Please repeat the line that has "this 1024×1024 image." and all lines after it, exactly as they appear, through the end of the entries.
══ The input
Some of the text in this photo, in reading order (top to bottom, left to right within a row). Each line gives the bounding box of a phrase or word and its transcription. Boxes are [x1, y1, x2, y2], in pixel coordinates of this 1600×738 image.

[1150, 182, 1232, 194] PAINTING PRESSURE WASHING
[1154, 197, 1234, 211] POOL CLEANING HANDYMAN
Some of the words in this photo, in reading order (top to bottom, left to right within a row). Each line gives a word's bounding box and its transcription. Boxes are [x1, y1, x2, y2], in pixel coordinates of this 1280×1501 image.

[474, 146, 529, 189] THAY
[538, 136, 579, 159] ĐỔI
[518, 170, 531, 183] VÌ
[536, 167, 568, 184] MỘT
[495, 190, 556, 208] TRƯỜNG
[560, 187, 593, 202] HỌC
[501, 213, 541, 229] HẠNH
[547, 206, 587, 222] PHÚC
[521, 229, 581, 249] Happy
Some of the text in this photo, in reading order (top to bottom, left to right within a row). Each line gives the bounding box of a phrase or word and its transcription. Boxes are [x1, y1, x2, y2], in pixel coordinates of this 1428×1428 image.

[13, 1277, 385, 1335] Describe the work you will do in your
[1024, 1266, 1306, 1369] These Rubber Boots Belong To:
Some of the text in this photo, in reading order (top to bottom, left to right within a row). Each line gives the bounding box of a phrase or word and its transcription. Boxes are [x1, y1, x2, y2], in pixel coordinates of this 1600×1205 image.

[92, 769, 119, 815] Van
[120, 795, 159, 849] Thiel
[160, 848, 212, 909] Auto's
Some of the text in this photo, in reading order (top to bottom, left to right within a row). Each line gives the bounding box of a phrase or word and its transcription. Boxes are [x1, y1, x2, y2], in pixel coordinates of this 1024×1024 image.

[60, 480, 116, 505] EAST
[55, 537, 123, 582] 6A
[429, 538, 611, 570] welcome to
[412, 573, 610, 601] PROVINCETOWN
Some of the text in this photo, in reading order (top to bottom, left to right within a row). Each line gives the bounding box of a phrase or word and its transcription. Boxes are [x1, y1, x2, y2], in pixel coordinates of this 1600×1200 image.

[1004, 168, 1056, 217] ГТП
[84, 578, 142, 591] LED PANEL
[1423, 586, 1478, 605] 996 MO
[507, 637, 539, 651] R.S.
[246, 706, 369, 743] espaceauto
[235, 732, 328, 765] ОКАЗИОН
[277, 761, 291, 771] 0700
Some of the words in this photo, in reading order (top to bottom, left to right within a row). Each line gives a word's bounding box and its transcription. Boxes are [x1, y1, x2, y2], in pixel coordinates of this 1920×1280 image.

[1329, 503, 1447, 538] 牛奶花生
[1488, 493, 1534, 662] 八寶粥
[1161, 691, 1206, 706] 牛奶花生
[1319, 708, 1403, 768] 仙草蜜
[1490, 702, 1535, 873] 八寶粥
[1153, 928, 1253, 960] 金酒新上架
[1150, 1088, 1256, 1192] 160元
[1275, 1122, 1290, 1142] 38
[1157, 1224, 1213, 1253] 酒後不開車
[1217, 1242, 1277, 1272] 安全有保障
════
Answer:
Some of the text in this photo, in reading order (top to bottom, left to right within a row). Each line gives the bounding box of a phrase or word and its transcription. Boxes are [x1, y1, x2, y2], in pixel coordinates of this 1024×1024 image.

[60, 480, 116, 505] EAST
[55, 537, 123, 582] 6A
[429, 538, 611, 570] welcome to
[412, 573, 610, 601] PROVINCETOWN
Some of the text in this photo, in reading order (top to bottom, left to right within a row). Each line gives the bounding box of a phrase or word and its transcription. Boxes are [x1, y1, x2, y2], in pixel coordinates of this 1600×1200 image.

[1004, 168, 1056, 217] ГТП
[84, 578, 142, 591] LED PANEL
[1423, 586, 1478, 605] 996 MO
[507, 637, 539, 651] R.S.
[246, 706, 369, 743] espaceauto
[235, 732, 328, 765] ОКАЗИОН
[277, 761, 291, 771] 0700
Some of the words in this photo, in reading order (top to bottom, left to right within a row). Each line gives a word's bounding box and its transcription. Boxes are [x1, y1, x2, y2], in pixel coordinates of this 1920×1280 image.

[1329, 503, 1447, 538] 牛奶花生
[1488, 493, 1534, 662] 八寶粥
[1161, 691, 1206, 706] 牛奶花生
[1319, 708, 1403, 768] 仙草蜜
[1490, 702, 1535, 873] 八寶粥
[1153, 928, 1253, 960] 金酒新上架
[1150, 1088, 1256, 1192] 160元
[1275, 1122, 1290, 1142] 38
[1157, 1224, 1213, 1253] 酒後不開車
[1217, 1242, 1277, 1272] 安全有保障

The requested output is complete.